PAGE 18
The Second Funeral of Napoleon
by
As we passed down the avenue, several troops of soldiers met us: the garde-muncipale a cheval, in brass helmets and shining jack-boots, noble-looking men, large, on large horses, the pick of the old army, as I have heard, and armed for the special occupation of peace-keeping: not the most glorious, but the best part of the soldier’s duty, as I fancy. Then came a regiment of Carabineers, one of Infantry–little, alert, brown-faced, good-humored men, their band at their head playing sounding marches. These were followed by a regiment or detachment of the Municipals on foot–two or three inches taller than the men of the Line, and conspicuous for their neatness and discipline. By-and-by came a squadron or so of dragoons of the National Guards: they are covered with straps, buckles, aguillettes, and cartouche-boxes, and make under their tricolor cock’s-plumes a show sufficiently warlike. The point which chiefly struck me on beholding these military men of the National Guard and the Line, was the admirable manner in which they bore a cold that seemed to me as sharp as the weather in the Russian retreat, through which cold the troops were trotting without trembling and in the utmost cheerfulness and good-humor. An aide-de-camp galloped past in white pantaloons. By heavens! it made me shudder to look at him.
With this profound reflection, we turned away to the right towards the hanging-bridge (where we met a detachment of young men of the Ecole de l’Etat Major, fine-looking lads, but sadly disfigured by the wearing of stays or belts, that make the waists of the French dandies of a most absurd tenuity), and speedily passed into the avenue of statues leading up to the Invalides. All these were statues of warriors from Ney to Charlemagne, modelled in clay for the nonce, and placed here to meet the corpse of the greatest warrior of all. Passing these, we had to walk to a little door at the back of the Invalides, where was a crowd of persons plunged in the deepest mourning, and pushing for places in the chapel within.
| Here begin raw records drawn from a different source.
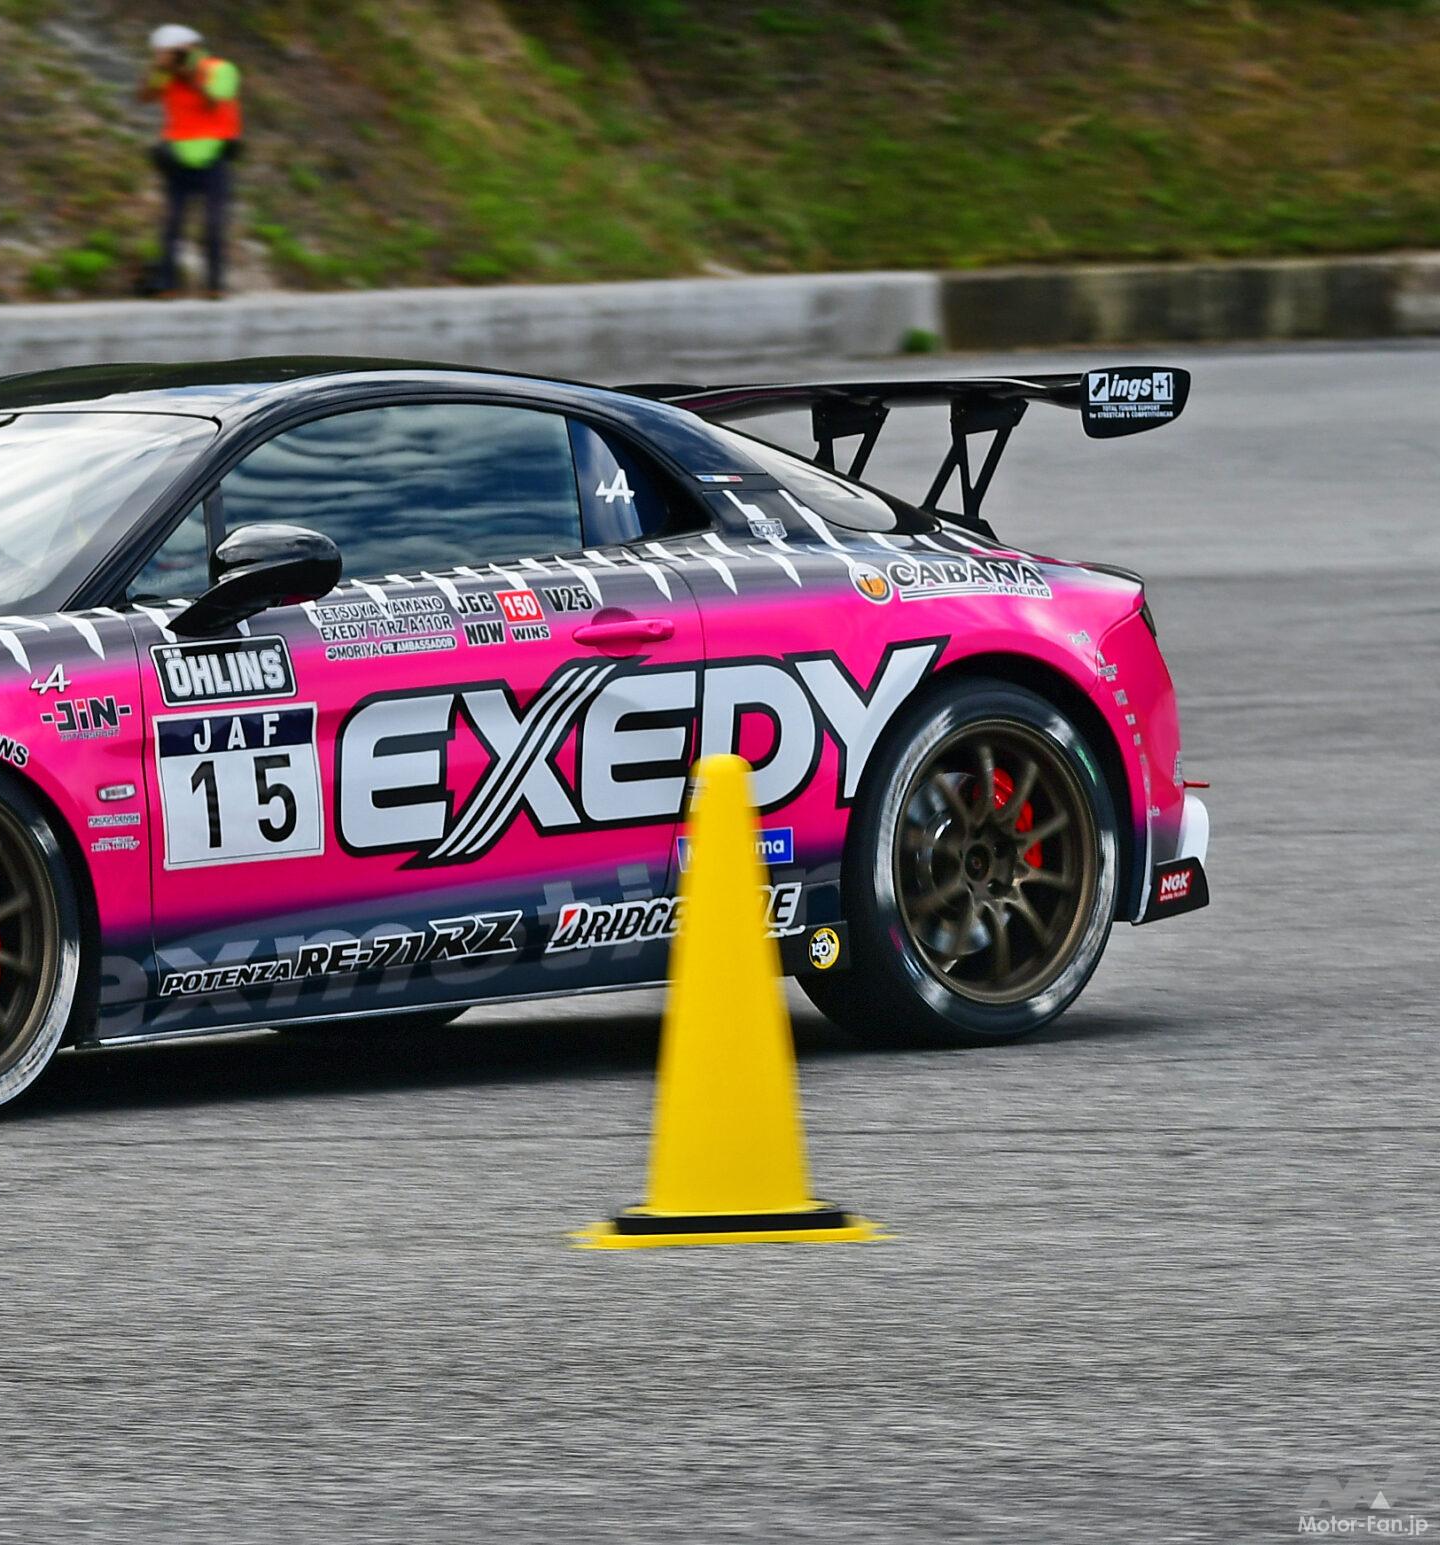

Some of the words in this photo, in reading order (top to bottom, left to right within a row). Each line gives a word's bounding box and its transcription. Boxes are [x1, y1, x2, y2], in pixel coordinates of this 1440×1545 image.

[1110, 373, 1152, 401] ings
[889, 562, 1045, 588] CABANA
[312, 603, 380, 621] TETSUYA
[381, 597, 443, 616] YAMANO
[504, 595, 537, 617] 150
[544, 586, 593, 612] V25
[320, 624, 366, 642] EXEDY
[370, 619, 407, 637] 71RZ
[411, 615, 453, 633] A110R
[464, 622, 505, 645] NOW
[512, 625, 550, 641] WINS
[337, 644, 379, 659] MORIYA
[398, 637, 453, 651] AMBASSADOR
[162, 648, 287, 697] ÖHLINS
[194, 713, 280, 752] JAF
[340, 643, 939, 860] EXEDY
[191, 753, 297, 849] 15
[1161, 871, 1190, 894] NGK
[161, 959, 292, 996] POTENZA
The chapel is spacious and of no great architectural pretensions, but was on this occasion gorgeously decorated in honor of the great person to whose body it was about to give shelter.
We had arrived at nine; the ceremony was not to begin, they said, till two: we had five hours before us to see all that from our places could be seen.
We saw that the roof, up to the first lines of architecture, was hung with violet; beyond this with black. We saw N’s, eagles, bees, laurel wreaths, and other such imperial emblems, adorning every nook and corner of the edifice. Between the arches, on each side of the aisle, were painted trophies, on which were written the names of some of Napoleon’s Generals and of their principal deeds of arms–and not their deeds of arms alone, pardi, but their coats of arms too. O stars and garters! but this is too much. What was Ney’s paternal coat, prithee, or honest Junot’s quarterings, or the venerable escutcheon of King Joachim’s father, the innkeeper?
You and I, dear Miss Smith, know the exact value of heraldic bearings. We know that though the greatest pleasure of all is to ACT like a gentleman, it is a pleasure, nay a merit, to BE one–to come of an old stock, to have an honorable pedigree, to be able to say that centuries back our fathers had gentle blood, and to us transmitted the same. There IS a good in gentility: the man who questions it is envious, or a coarse dullard not able to perceive the difference between high breeding and low. One has in the same way heard a man brag that he did not know the difference between wines, not he–give him a good glass of port, and he would pitch all your claret to the deuce. My love, men often brag about their own dulness in this way.